Task item:
Give the data again exactly as it appears, excluding any pictures.

Items listed in a dataset
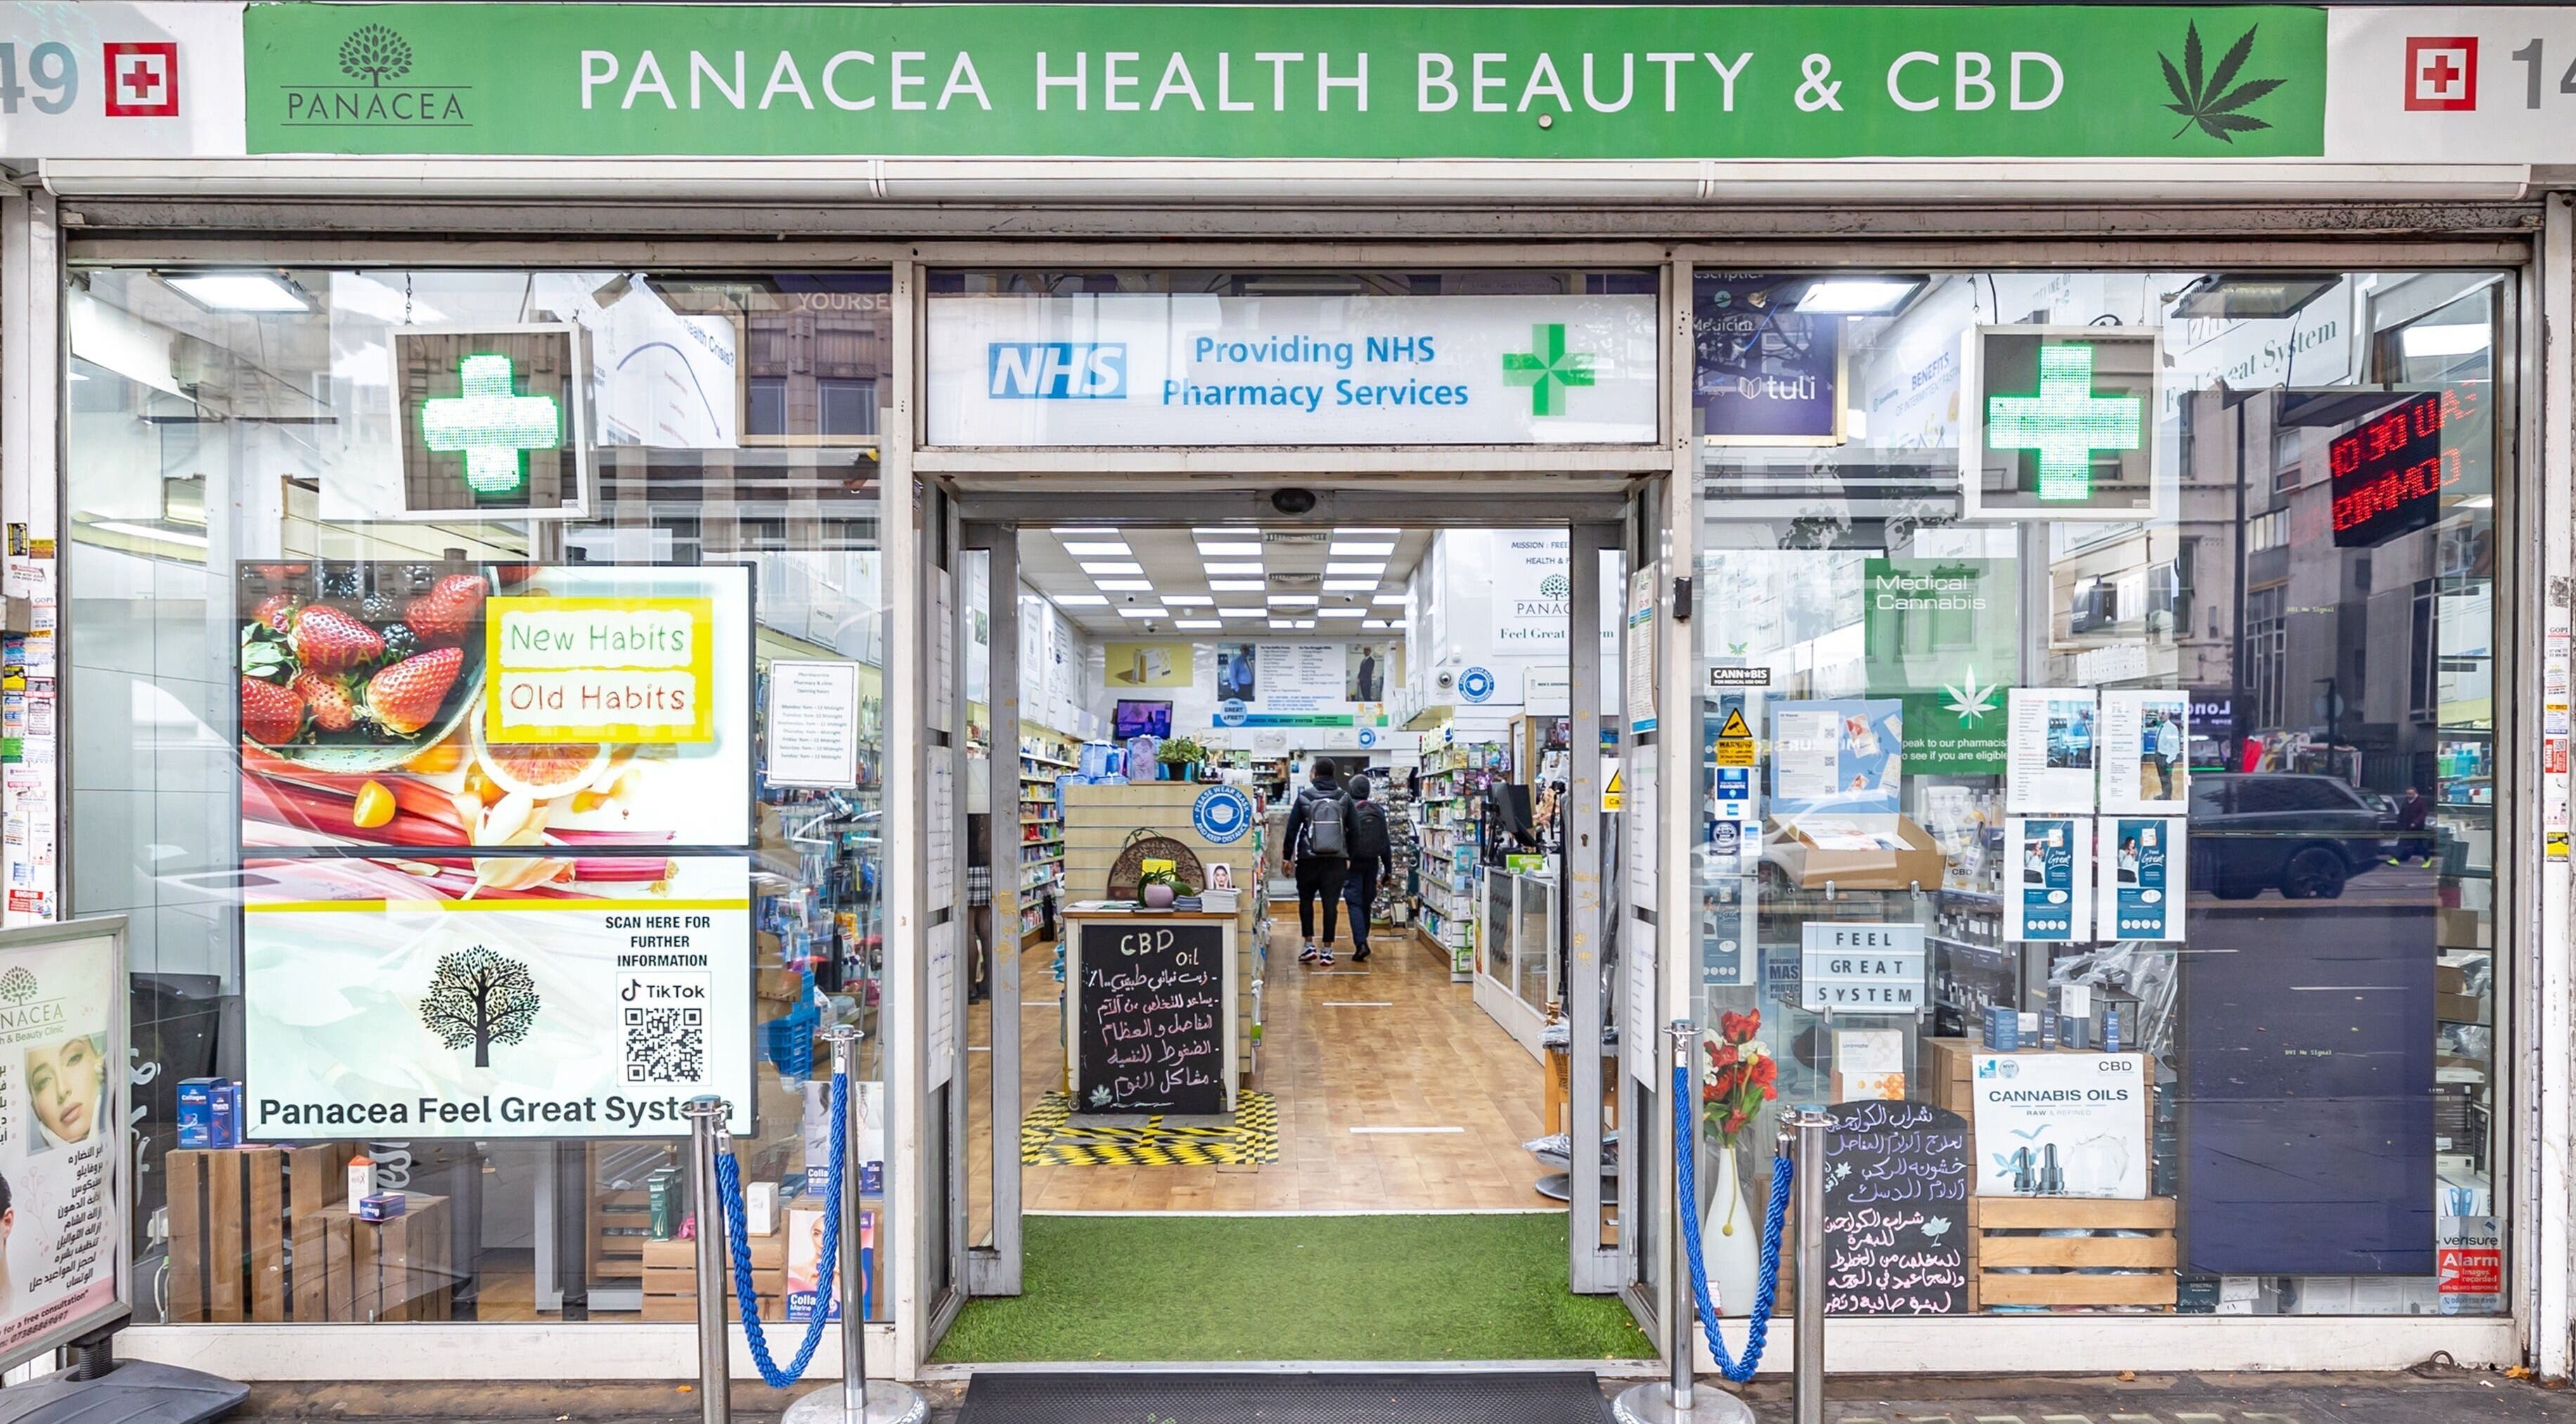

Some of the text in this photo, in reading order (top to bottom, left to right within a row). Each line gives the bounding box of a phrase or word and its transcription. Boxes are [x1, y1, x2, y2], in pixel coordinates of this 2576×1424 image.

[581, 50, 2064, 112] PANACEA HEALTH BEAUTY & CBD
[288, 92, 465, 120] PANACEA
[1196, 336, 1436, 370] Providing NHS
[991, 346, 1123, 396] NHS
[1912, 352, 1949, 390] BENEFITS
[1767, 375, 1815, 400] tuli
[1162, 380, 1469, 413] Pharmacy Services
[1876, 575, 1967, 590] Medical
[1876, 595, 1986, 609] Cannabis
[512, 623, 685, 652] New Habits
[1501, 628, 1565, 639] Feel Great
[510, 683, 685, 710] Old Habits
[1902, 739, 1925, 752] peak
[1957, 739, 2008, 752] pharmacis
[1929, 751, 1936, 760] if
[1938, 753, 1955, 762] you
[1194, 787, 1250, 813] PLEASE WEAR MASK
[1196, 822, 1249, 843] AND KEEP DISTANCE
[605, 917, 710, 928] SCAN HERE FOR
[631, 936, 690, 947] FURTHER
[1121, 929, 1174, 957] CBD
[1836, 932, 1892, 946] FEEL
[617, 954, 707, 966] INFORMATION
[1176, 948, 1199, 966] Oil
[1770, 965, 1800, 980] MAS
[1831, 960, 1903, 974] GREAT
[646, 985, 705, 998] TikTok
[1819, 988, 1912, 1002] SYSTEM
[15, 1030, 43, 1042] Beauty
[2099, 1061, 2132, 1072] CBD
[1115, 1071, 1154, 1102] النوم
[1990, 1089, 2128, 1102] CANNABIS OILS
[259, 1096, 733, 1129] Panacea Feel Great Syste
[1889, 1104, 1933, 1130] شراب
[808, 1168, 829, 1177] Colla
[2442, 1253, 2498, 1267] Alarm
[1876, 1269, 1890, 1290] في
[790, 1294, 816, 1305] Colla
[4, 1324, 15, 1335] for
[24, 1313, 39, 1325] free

Response to this exercise:
Some of the text in this photo, in reading order (top to bottom, left to right within a row). Each line gives the bounding box of a phrase or word and its transcription. Boxes are [x1, y1, x2, y2], in pixel coordinates of this 2576×1424 image.

[581, 50, 2064, 112] PANACEA HEALTH BEAUTY & CBD
[288, 92, 465, 120] PANACEA
[1196, 336, 1436, 370] Providing NHS
[991, 346, 1123, 396] NHS
[1912, 352, 1949, 390] BENEFITS
[1767, 375, 1815, 400] tuli
[1162, 380, 1469, 413] Pharmacy Services
[1876, 575, 1967, 590] Medical
[1876, 595, 1986, 609] Cannabis
[512, 623, 685, 652] New Habits
[1501, 628, 1565, 639] Feel Great
[510, 683, 685, 710] Old Habits
[1902, 739, 1925, 752] peak
[1957, 739, 2008, 752] pharmacis
[1929, 751, 1936, 760] if
[1938, 753, 1955, 762] you
[1194, 787, 1250, 813] PLEASE WEAR MASK
[1196, 822, 1249, 843] AND KEEP DISTANCE
[605, 917, 710, 928] SCAN HERE FOR
[631, 936, 690, 947] FURTHER
[1121, 929, 1174, 957] CBD
[1836, 932, 1892, 946] FEEL
[617, 954, 707, 966] INFORMATION
[1176, 948, 1199, 966] Oil
[1770, 965, 1800, 980] MAS
[1831, 960, 1903, 974] GREAT
[646, 985, 705, 998] TikTok
[1819, 988, 1912, 1002] SYSTEM
[15, 1030, 43, 1042] Beauty
[2099, 1061, 2132, 1072] CBD
[1115, 1071, 1154, 1102] النوم
[1990, 1089, 2128, 1102] CANNABIS OILS
[259, 1096, 733, 1129] Panacea Feel Great Syste
[1889, 1104, 1933, 1130] شراب
[808, 1168, 829, 1177] Colla
[2442, 1253, 2498, 1267] Alarm
[1876, 1269, 1890, 1290] في
[790, 1294, 816, 1305] Colla
[4, 1324, 15, 1335] for
[24, 1313, 39, 1325] free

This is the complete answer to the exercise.